Saturday, October 10, 2009

Steele's Ignoble Bluster

Quads pounding and endorphins kicking in, I thought of GOP buffoon-in-chief (a.k.a. chairman of the Republican National Committee) Michael Steele as I cycled today. His less widely quoted comments on President Barack Obama's winning the Nobel Peace Prize deserve consideration.

They also deserve to be made into a big sampler and hung on the wall. Let us reflect on them as our President tries to undo many years of Republican and conservative Dem-led failures of diplomacy, economics and foreign policy.

Here and cross-posted at BMG, I was one of the many who foreshadowed Obama's view that now he has to make some serious progress in his peace efforts — a call to action for him, us and other nations, as he put it. Yet, I was very surprised later in the day to hear the ever derisive drama queen Steele go beyond claiming that the award was totally undeserved.

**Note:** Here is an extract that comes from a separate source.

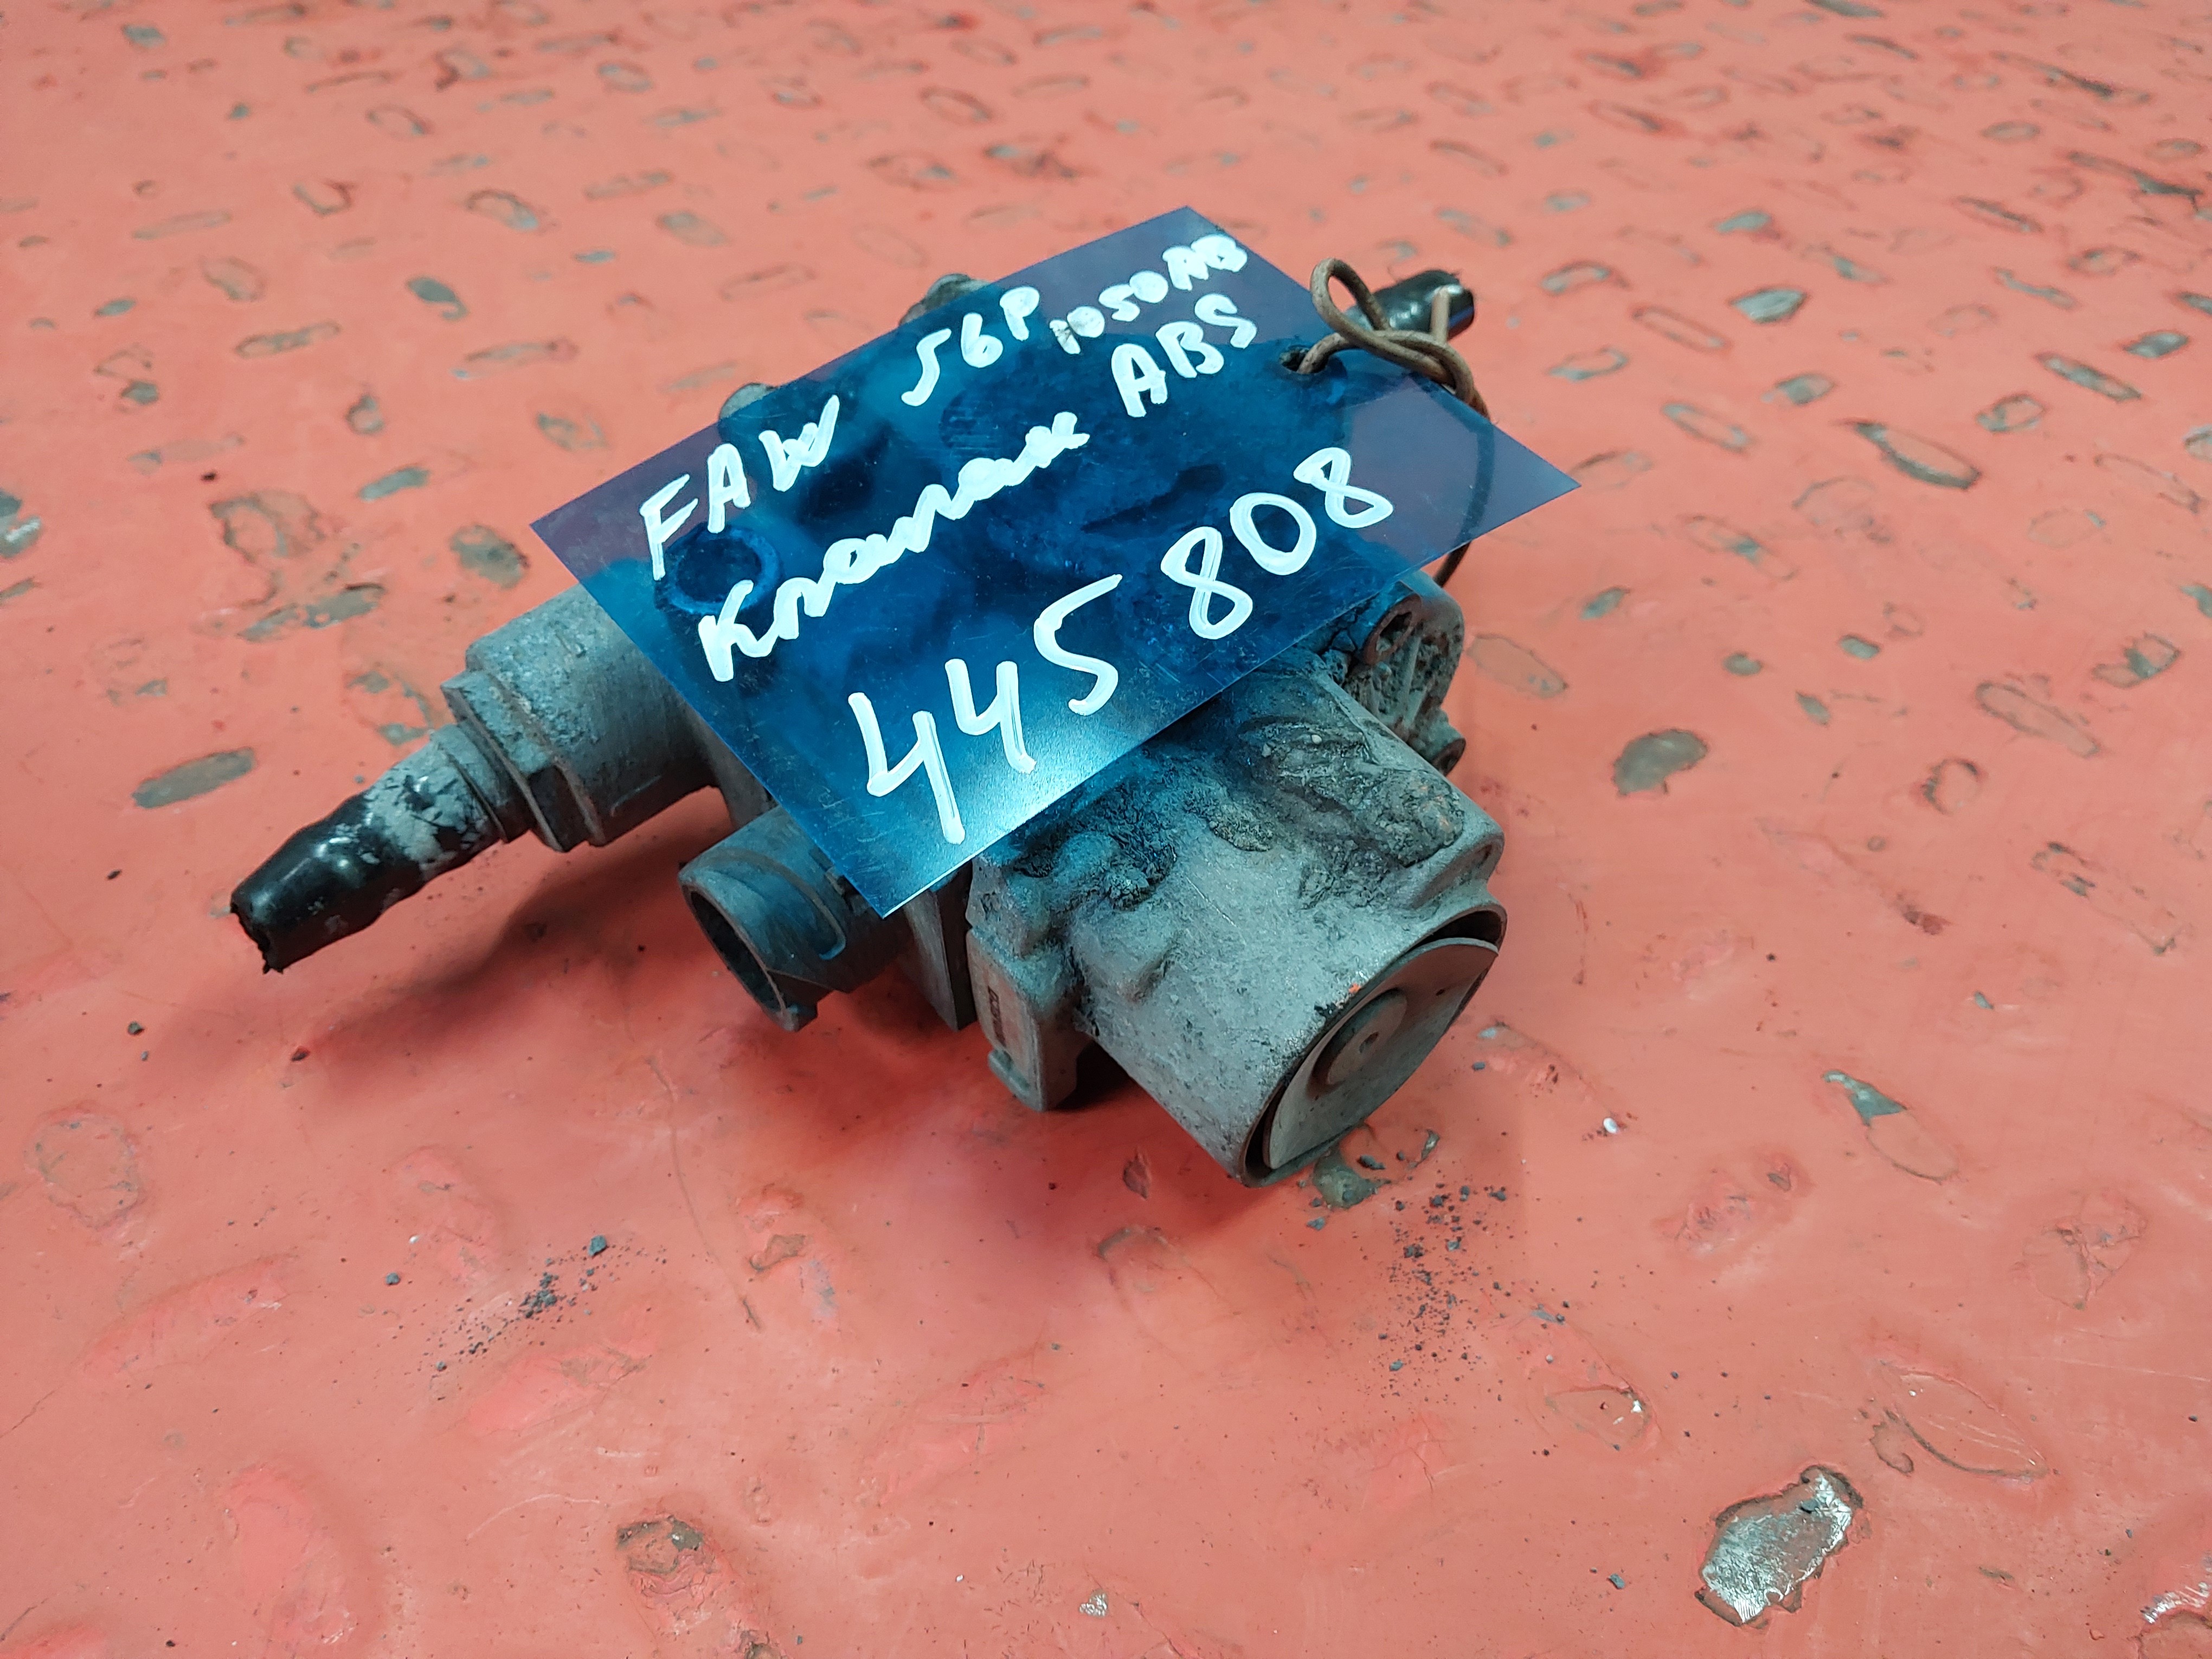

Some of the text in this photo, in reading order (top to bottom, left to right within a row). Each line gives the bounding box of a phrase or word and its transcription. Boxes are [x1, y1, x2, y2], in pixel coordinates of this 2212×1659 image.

[639, 394, 840, 581] FAW
[847, 446, 1394, 846] 445 808

Using repetition as his rhetorical punchline, he asked iteratively whether receiving the award would help Obama — in passing health-care reform or getting more votes for this or that cause. With each question, he concluded, "I think not," with great enthusiasm and no small amount of projected schadenfreude. Like the worst of the right wing, he would have Obama and us as a nation fail, so long as the GOP benefited in the end.

Somewhere around mile 25 on my ride, I had worked through the stupidity and meanness of Steele. Those are, after all, his defining traits and by extension the badges his party wears now.

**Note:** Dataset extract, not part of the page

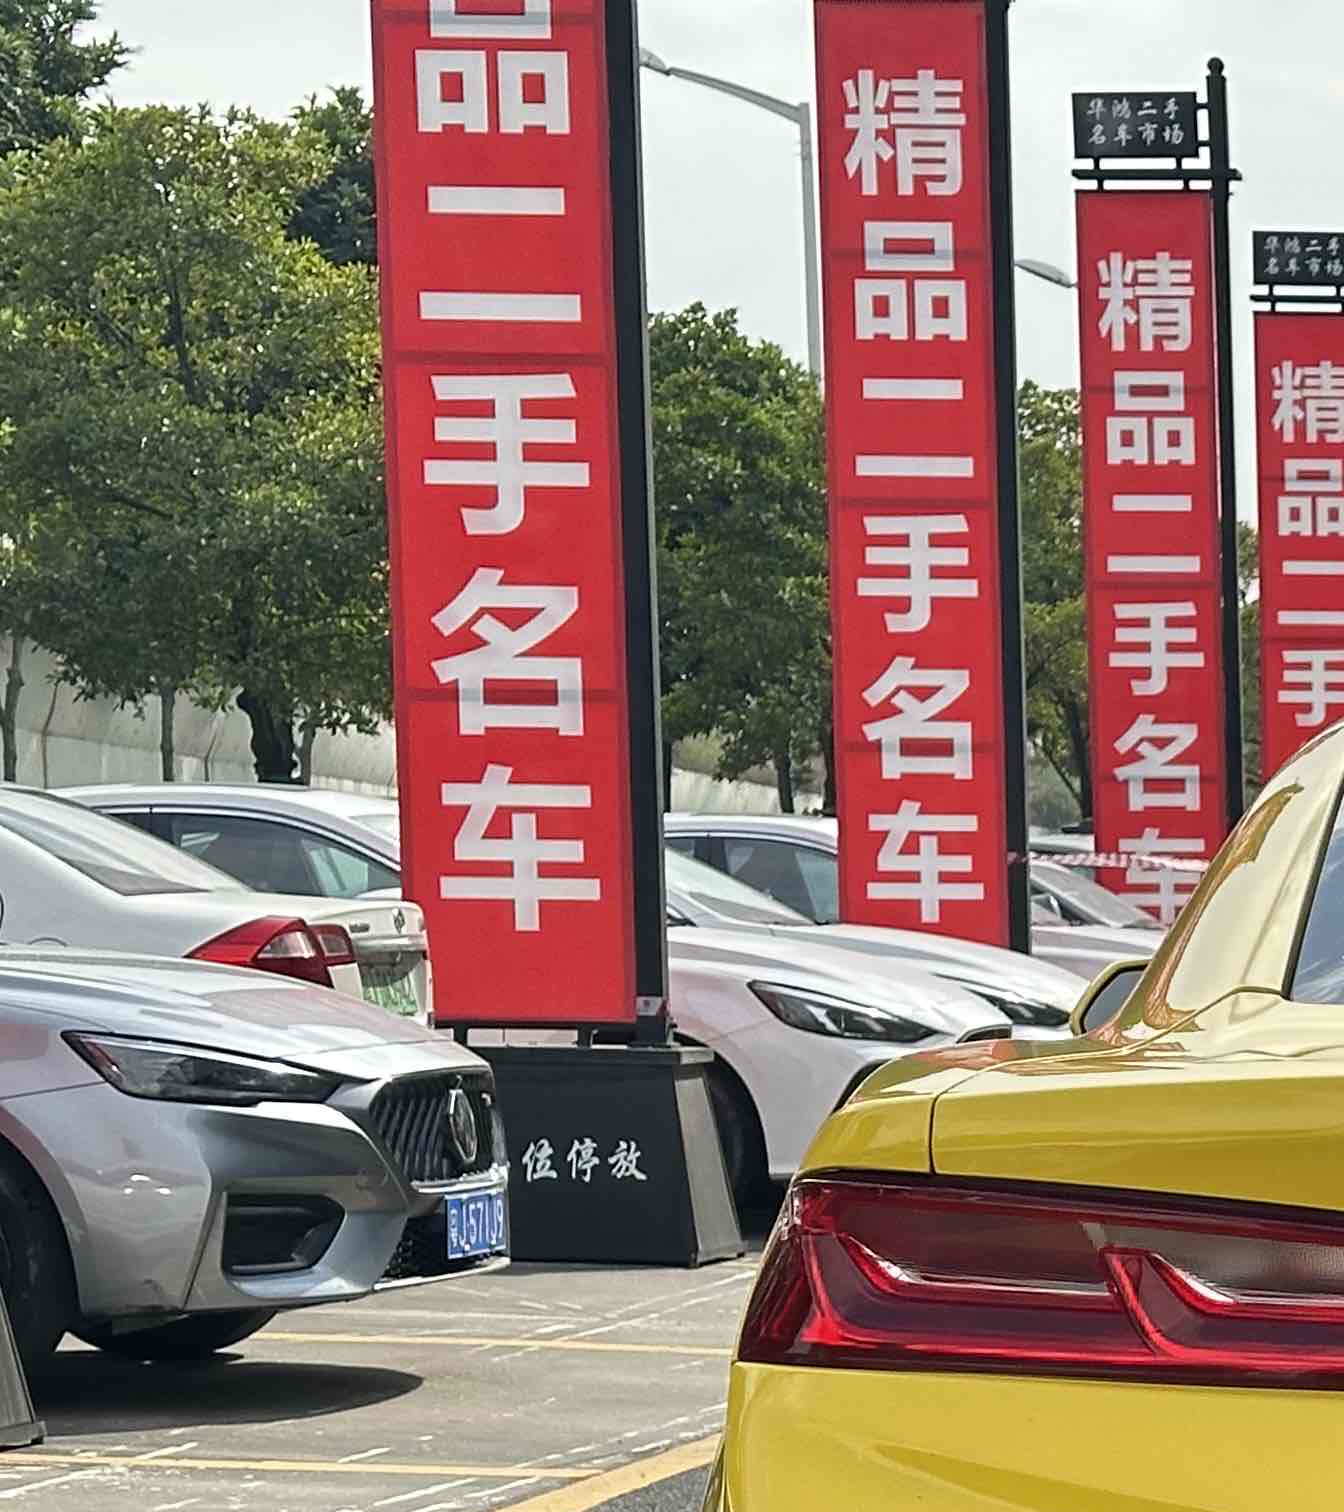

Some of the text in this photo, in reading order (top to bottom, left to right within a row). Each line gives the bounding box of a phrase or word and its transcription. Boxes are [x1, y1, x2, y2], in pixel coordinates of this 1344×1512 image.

[1086, 96, 1180, 120] 华鸿二手
[1087, 122, 1184, 147] 名车市场
[841, 68, 986, 924] 精品二手名车
[522, 1137, 648, 1183] 位停放

His rhetoric had clear implications...of failure. Steele would have it that the Nobel would not advance Obama's progressive promises or his efforts to undo the dreadful social, economic and military entanglements. But is that so and likely?

Under the archaic, aristocratic Senate rules, 60% of the body has to support any serious bill. Yet, Obama's progressive goals are for such rational and overdue changes that the Dems are only a few votes away on any given issue. What if a few events, including the awarding of the Peace Prize, sway a vote here and another there? What if Steele's cocksure rhetoric — I think not! — proves not so obvious?

What if Obama's too-slow, too-cautious, too-compromising aspirations for the nation and world come to fruition? What if the blue-dog Dems and even some Republicans are influenced by the needs of the world, nation and their constituents, coupled with the new choices the Administration offers, and catalyzed by even such small sparks as recognition of his drive toward peace in our time? What if the Peace Prize does in fact give just a little more leverage?

As Steele was making his bitter and nasty comments, the head of the prize committee had his own statement. At a news conference, Chairman Thorbjoern Jagland said. "We hope this can contribute a little bit to enhance what he is trying to do."

That is certainly within the possible. We live in a fearful world, one tired of wars as well as financial trauma. I think I'll stick with the guy with the good goals and some plans to achieve them instead of the prophets of the impossible.